The most common form of giving in our society is money, so that’s usually the exchange. It also frees the student from going through issues about whether they’re unworthy to learn.

Now the next question is, why should you teach?

Encouragement from a Tai Chi Master

I offer instructor certification programs throughout the US and Europe, and although the purpose is to prepare those who teach as their primary profession, I also get many students who come just to learn for their own practice.

I’ll teach you regardless, but I highly encourage everyone who puts in the level of effort required to certify at one of my trainings to go out and teach. More than anything else, it’s a means for helping our fellow human beings.

There is also a secret that anyone who has achieved success in any area knows: to get significantly better at anything you must teach to others. Teaching is the fast track to mastery.

You clarify what you really know and what you really don’t know. Once you learn what you don’t know then you can focus on those aspects in your own practice.

You must also become creative in teaching different types of people. You develop your ability to look at someone doing tai chi or qigong to see the internal and external movements and alignments.

As you do this, you hone your own practice. You must not only demonstrate how to do the movements but also teach it in a clear manner so that your students can also integrate it into their form.

I realize that for many, it’s not that easy to share of themselves. Teaching can really challenge you. Students can ask you all sorts of questions and some even test your ego. If your ego is put on the line, then you must recognize it and figure out what you’re going to do about it.

Are you going to try and resolve it? Will you try reasonable methods?
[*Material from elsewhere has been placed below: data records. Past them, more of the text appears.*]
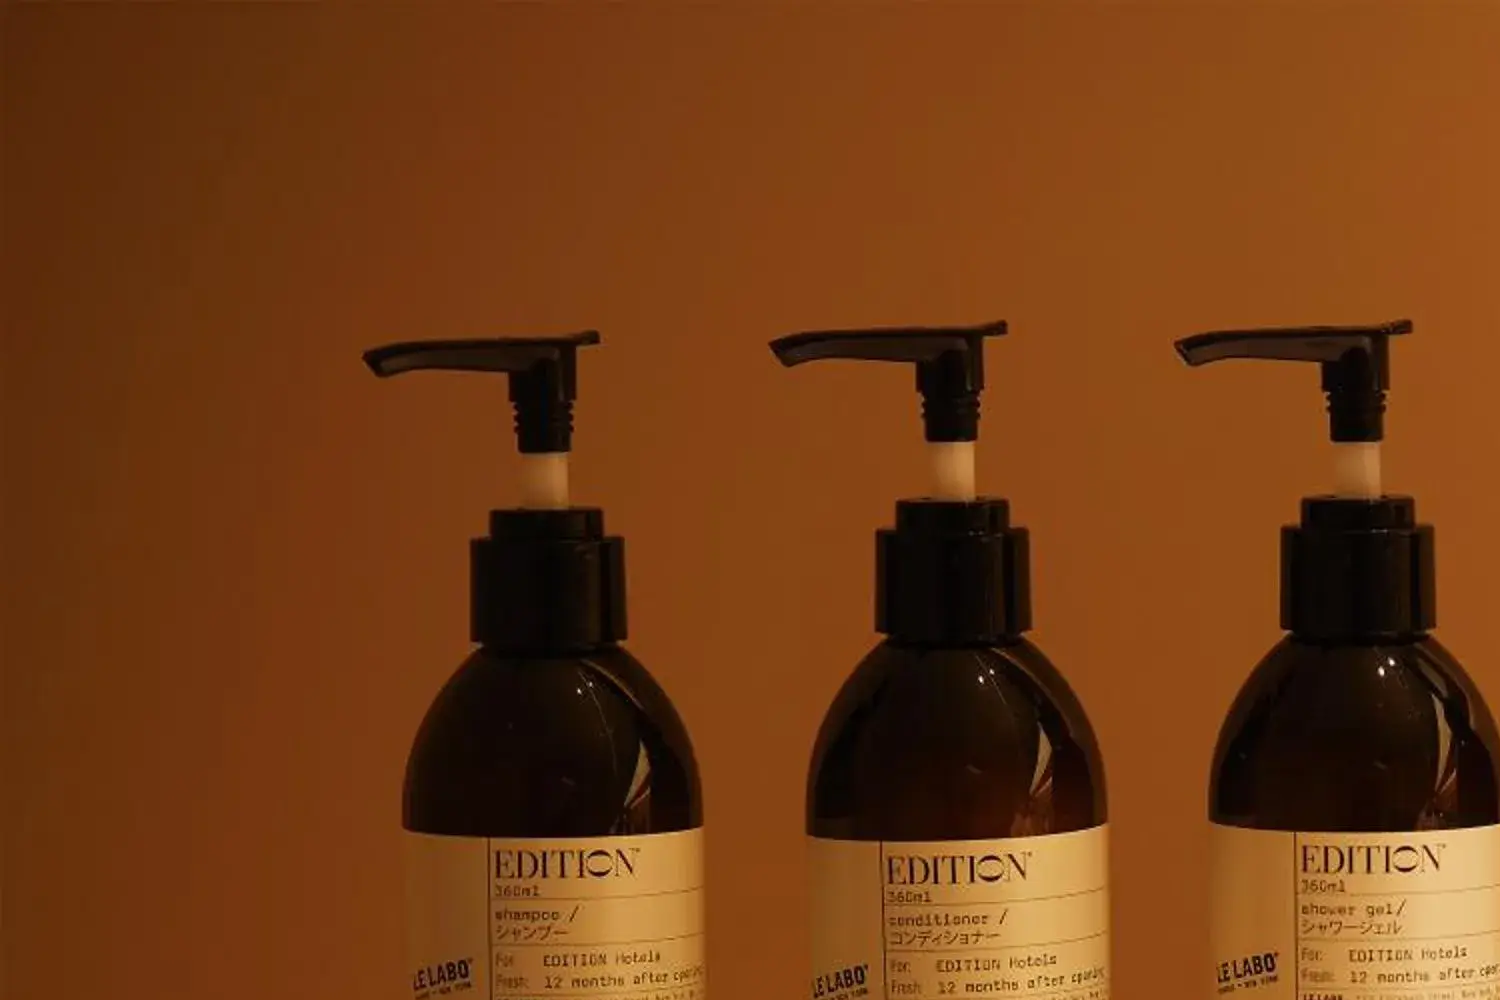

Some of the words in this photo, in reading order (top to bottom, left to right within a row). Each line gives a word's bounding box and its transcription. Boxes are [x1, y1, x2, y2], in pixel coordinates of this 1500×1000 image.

[496, 849, 633, 879] EDITION
[1302, 846, 1440, 874] EDITION
[888, 855, 1028, 884] EDITION
[495, 908, 560, 922] shampoo
[1302, 902, 1356, 916] shower
[889, 911, 988, 926] conditioner
[1302, 921, 1403, 935] シャワージェル
[890, 930, 1002, 946] コンディショナー
[544, 955, 607, 967] EDITION
[615, 952, 660, 965] Hotels
[1349, 947, 1413, 960] EDITION
[1422, 946, 1468, 959] Hotels
[936, 959, 1000, 972] EDITION
[1009, 954, 1057, 970] Hotels
[544, 977, 560, 988] 12
[571, 976, 624, 988] months
[634, 972, 668, 985] after
[1350, 970, 1367, 982] 12
[1377, 970, 1429, 982] months
[1439, 966, 1476, 980] after
[938, 981, 957, 994] 12
[966, 980, 1018, 992] months
[1027, 974, 1064, 990] after
Teach to Develop Compassion

There’s no question that teaching provides the opportunity to develop your ability to be compassionate for others. Some students are royal pains, and it takes a lot of compassion to look at who a person is, where they are coming from and what you can do to help them.

On the other hand, some students are a joy to be around, they may even become your friends, so you will be utterly glad you have made their acquaintance. They may train with you for a temporary or long period of time.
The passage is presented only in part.